Komplexe Anforderungen
Die Komplexität der Anforderungen ist für die Verpackungsdruckbranche insbesondere mit der Corona-Pandemie eine wirtschaftliche Herausforderung geworden, unter anderem durch die Verknappung von Rohstoffen und Kostensteigerungen in allen Bereichen. Eine Prognose für das laufende Jahr wagen die Verbände noch nicht. Die Verpackungsdrucker sind allerdings „widerstandsfähig gegen den Abschwung der Wirtschaft“, sagt die Heidelberger Druckmaschinen AG, einer der weltweit größten Lieferanten für Verpackungsdrucker. Der große Player am Markt zeigt sich optimistisch. Die Nachfrage nach Drucksystemen, besonders in asiatischen Kernmärkten, bewegt sich trotz der Pandemie in etwa wieder auf Vorkrisenniveau.
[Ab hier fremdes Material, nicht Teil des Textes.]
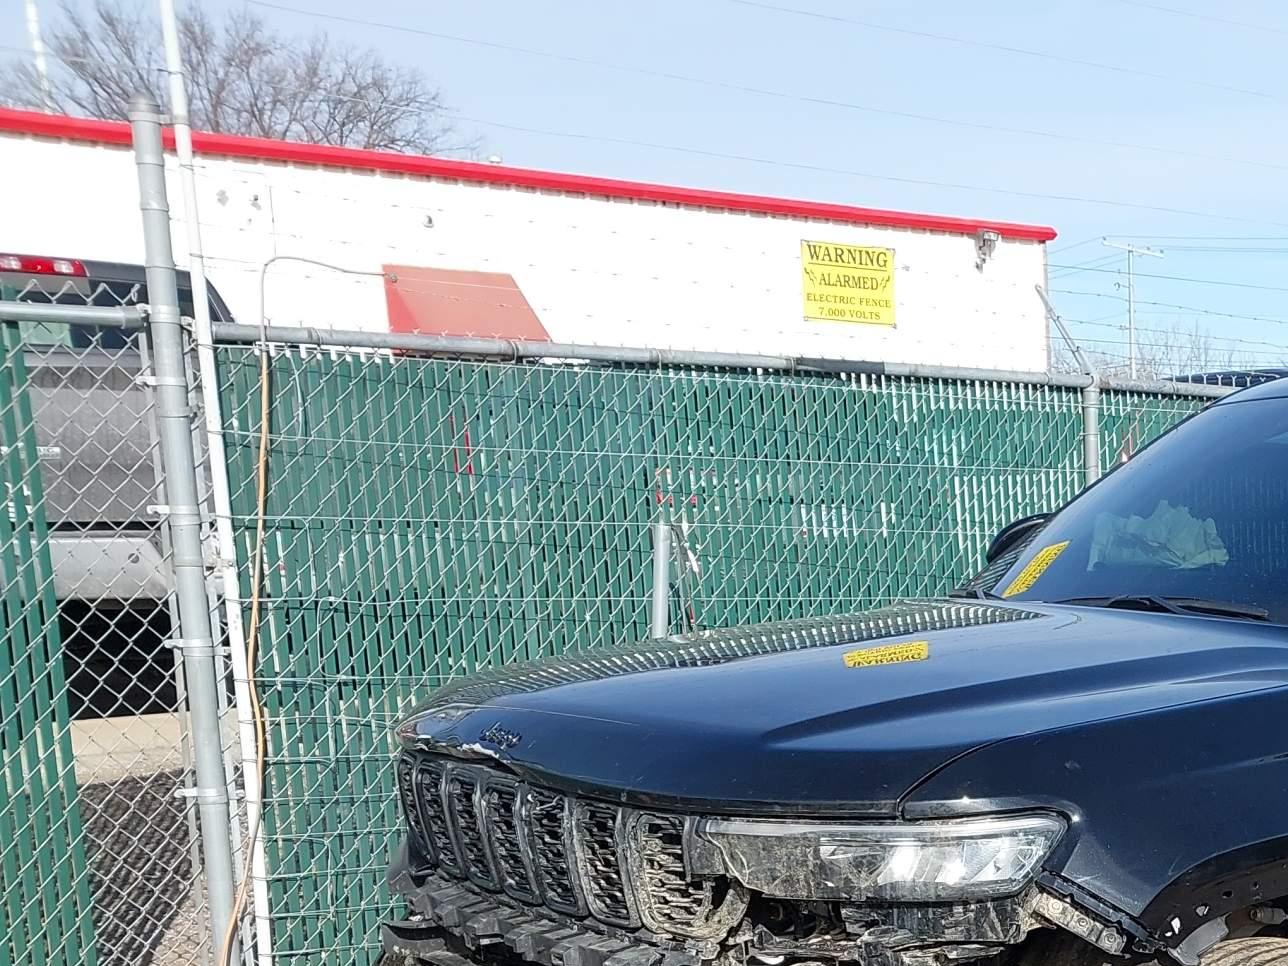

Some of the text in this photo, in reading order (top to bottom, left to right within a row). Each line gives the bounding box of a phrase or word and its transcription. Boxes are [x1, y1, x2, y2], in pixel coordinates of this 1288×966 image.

[807, 244, 888, 268] WARNING
[819, 272, 879, 291] ALARMED
[806, 292, 892, 308] ELECTRIC FENCE
[848, 309, 881, 320] VOLTS
Die Hälfte des Umsatzes haben die Heidelberger im Geschäftsjahr 2019/2020 mit Bogenoffsetdruckmaschinen gemacht.
Druckverfahren
So unterschiedlich die Konsumgüter und mit ihr die Verpackungen ausfallen, so unterschiedlich sind die Materialien, die der Verpackungsdruck gestaltet. Es wird auf Papier, Karton, Blech oder Plastik und Folie gedruckt. Dabei kommen die unterschiedlichen Druckverfahren zum Einsatz.
Flexodruck, Tiefdruck und Offsetdruck sind die drei großen Verfahren, die wertmäßig rund 80 Prozent des Weltmarkts erfüllen. Für jedes Verfahren gibt es spezielle Maschinen.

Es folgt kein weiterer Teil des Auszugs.